The old tile removed from six inches to a foot of ceiling height, an adjustment considered an improvement to the home’s look in the seventies or eighties. The former owners who made these changes
probably believed the falsehood that shorter ceilings saved energy and made the home easier to heat. This was a common falsehood in the late 70s and 80s. White ceiling fans and big box store brass fixtures were added then also, and these are no longer adorning our rooms. We also took a crowbar to remove false mouldings which adjoined the dropped ceiling to the walls. We’ll add back Victorian era mouldings to adjoin the beadboard once we work on our walls.
In the upstairs bathroom, the 70s look prevailed as navy quilting fabric adorned the walls, and the bottom woodwork was painted navy blue. Underneath all this was a bright yellow ceiling (what happened to the beadboard in this room?) The yellow magnifies the sunlight streaming into the bedroom and makes it look like a light is on in the bathroom. Wooden country style mirror, light switches and towel bars are quickly taken down, the room regains some of its dignity.

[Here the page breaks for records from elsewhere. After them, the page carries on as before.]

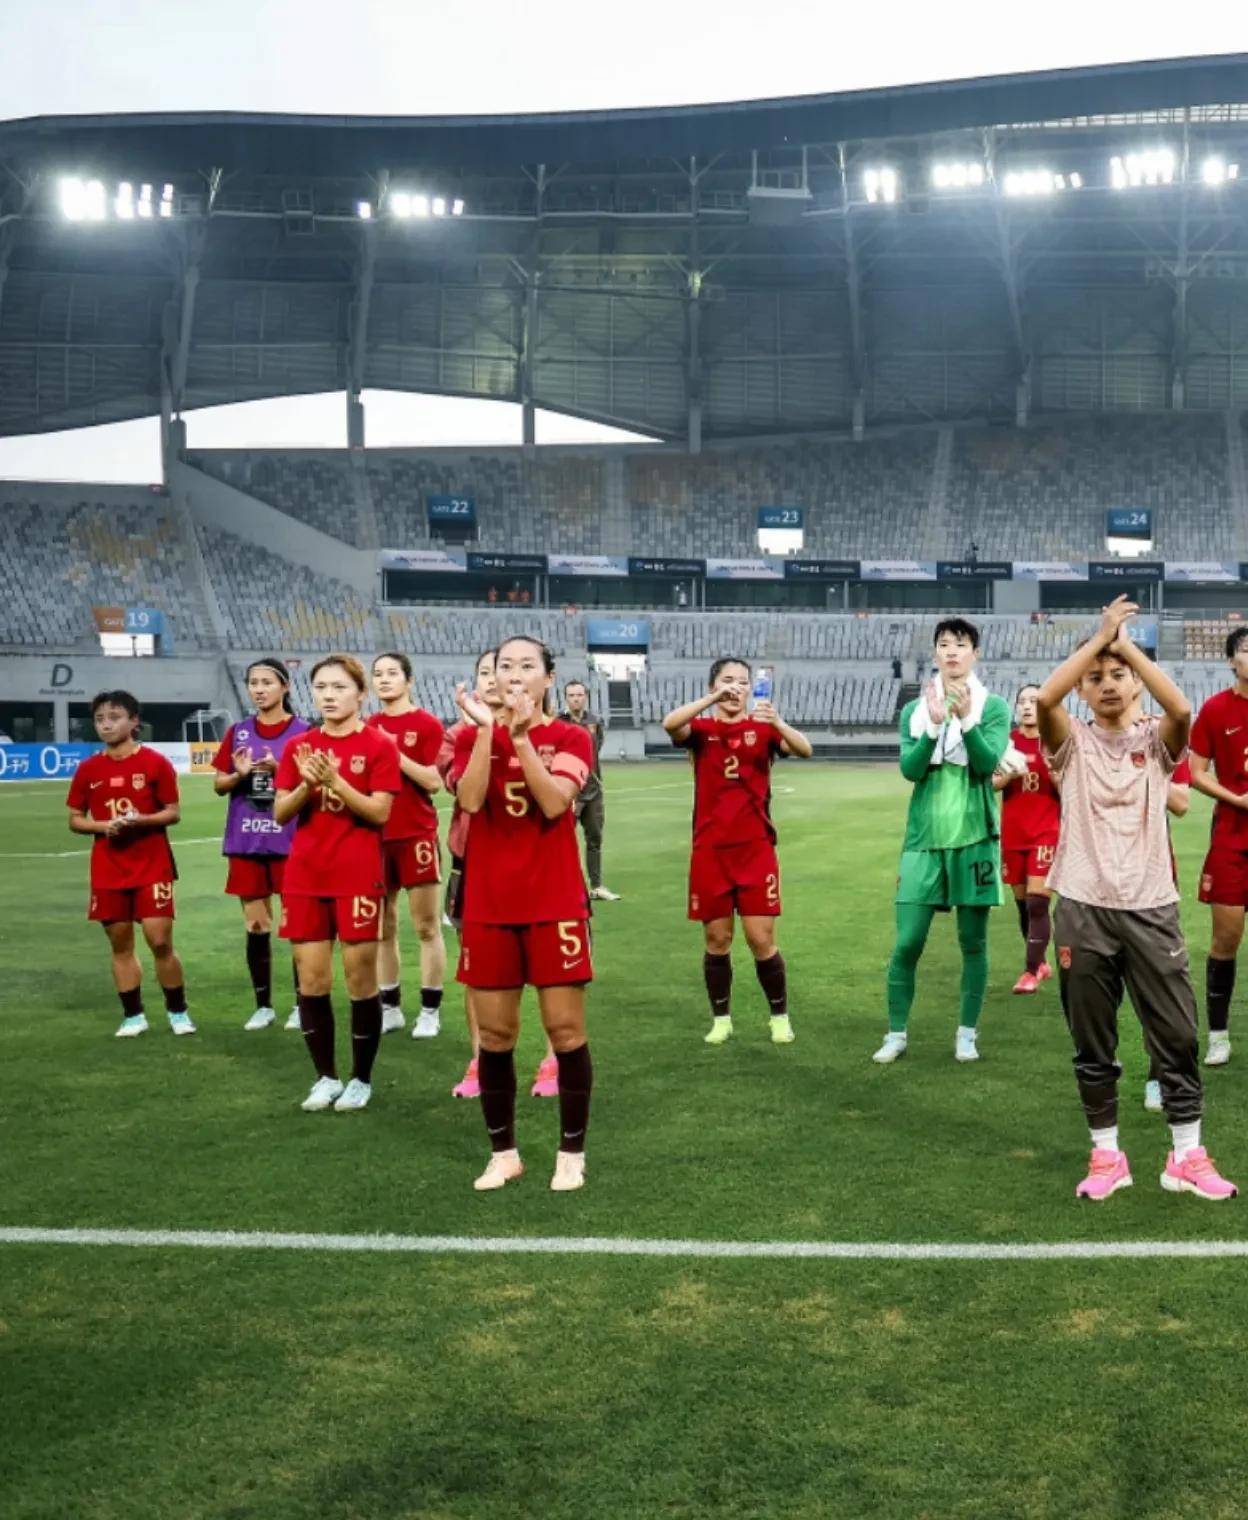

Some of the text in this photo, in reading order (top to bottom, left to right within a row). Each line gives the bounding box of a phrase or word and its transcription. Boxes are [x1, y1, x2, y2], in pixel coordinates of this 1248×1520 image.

[451, 500, 469, 513] 22
[781, 510, 799, 522] 23
[1130, 512, 1147, 525] 24
[128, 612, 149, 627] 19
[618, 624, 638, 637] 20
[51, 664, 73, 687] D
[724, 756, 739, 779] 2
[1022, 771, 1040, 793] 18
[105, 798, 132, 818] 19
[504, 782, 528, 817] 5
[242, 818, 282, 833] 2025
[414, 842, 432, 865] 6
[1037, 845, 1054, 863] 18
[970, 862, 994, 887] 12
[153, 883, 173, 900] 19
[766, 874, 778, 899] 2
[353, 896, 376, 918] 15
[558, 921, 581, 956] 5
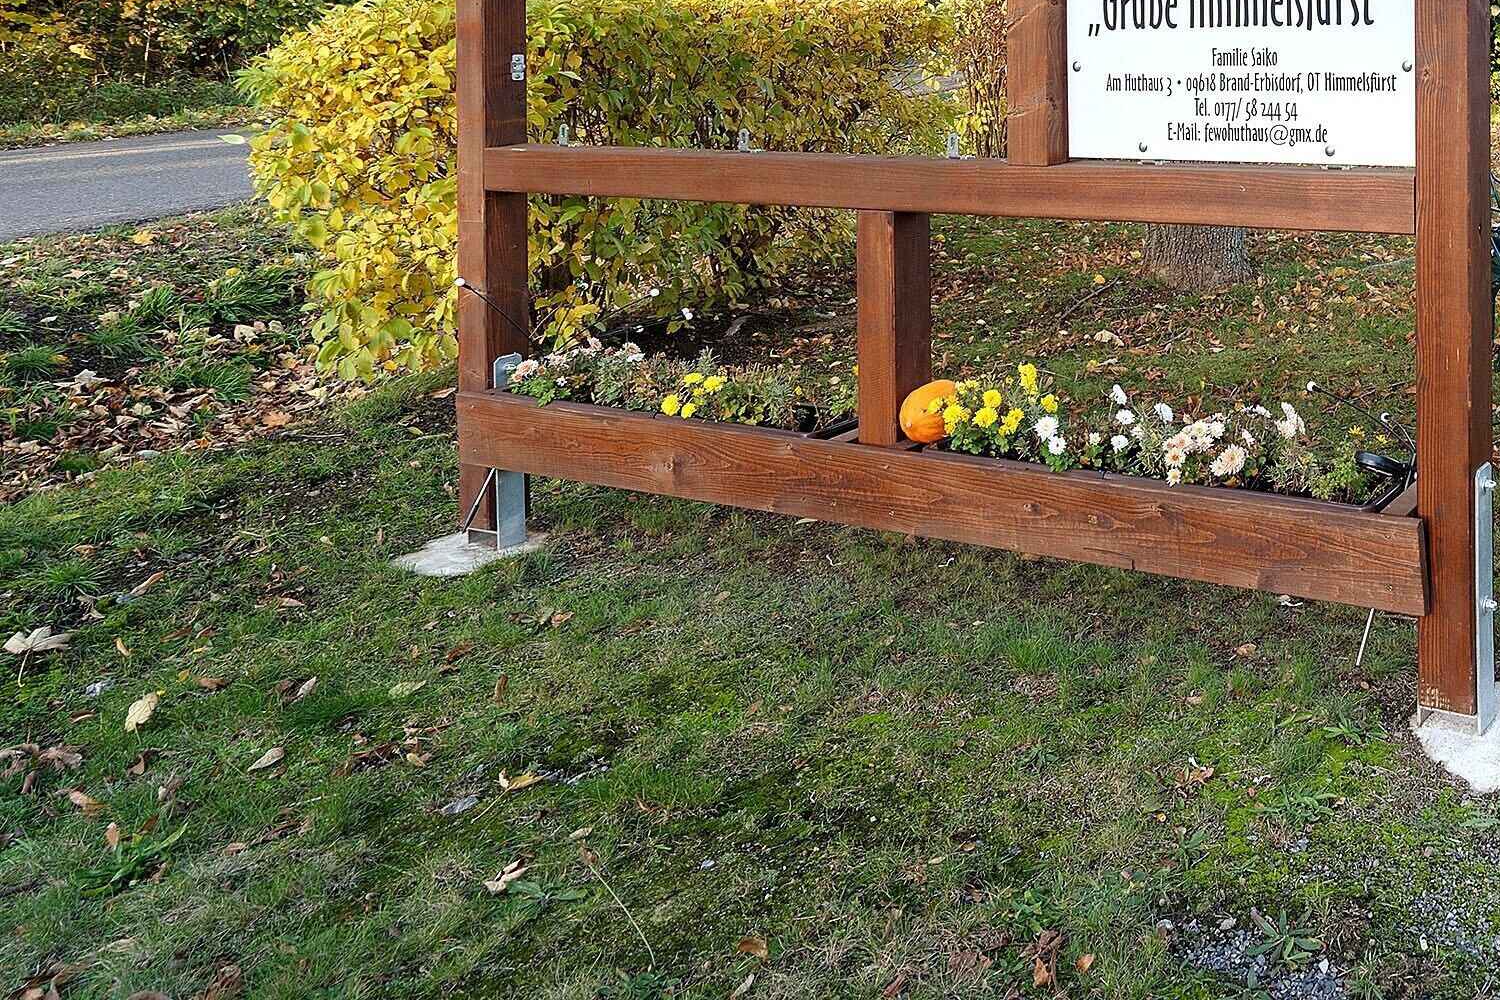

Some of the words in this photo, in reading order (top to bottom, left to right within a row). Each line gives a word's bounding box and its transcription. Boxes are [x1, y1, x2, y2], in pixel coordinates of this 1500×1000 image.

Small portions of the hall upstairs and downstairs needs to be finished once we figure out a revised scaffolding method. A 10 foot section of upstairs hallway lies above our stairs, with a 24 foot drop to the bottom floor and beyond the metal scaffold’s reach. I’m not afraid of heights, but this task seems a bit daunting to me for now.
Once we’ve finished the ceilings in most of the upstairs rooms, stripped off ceiling tile and mouldings, I can almost hear the house settle in and breathe again. The rooms seem larger, brighter, less confined. Did the house just thank me or did I image it?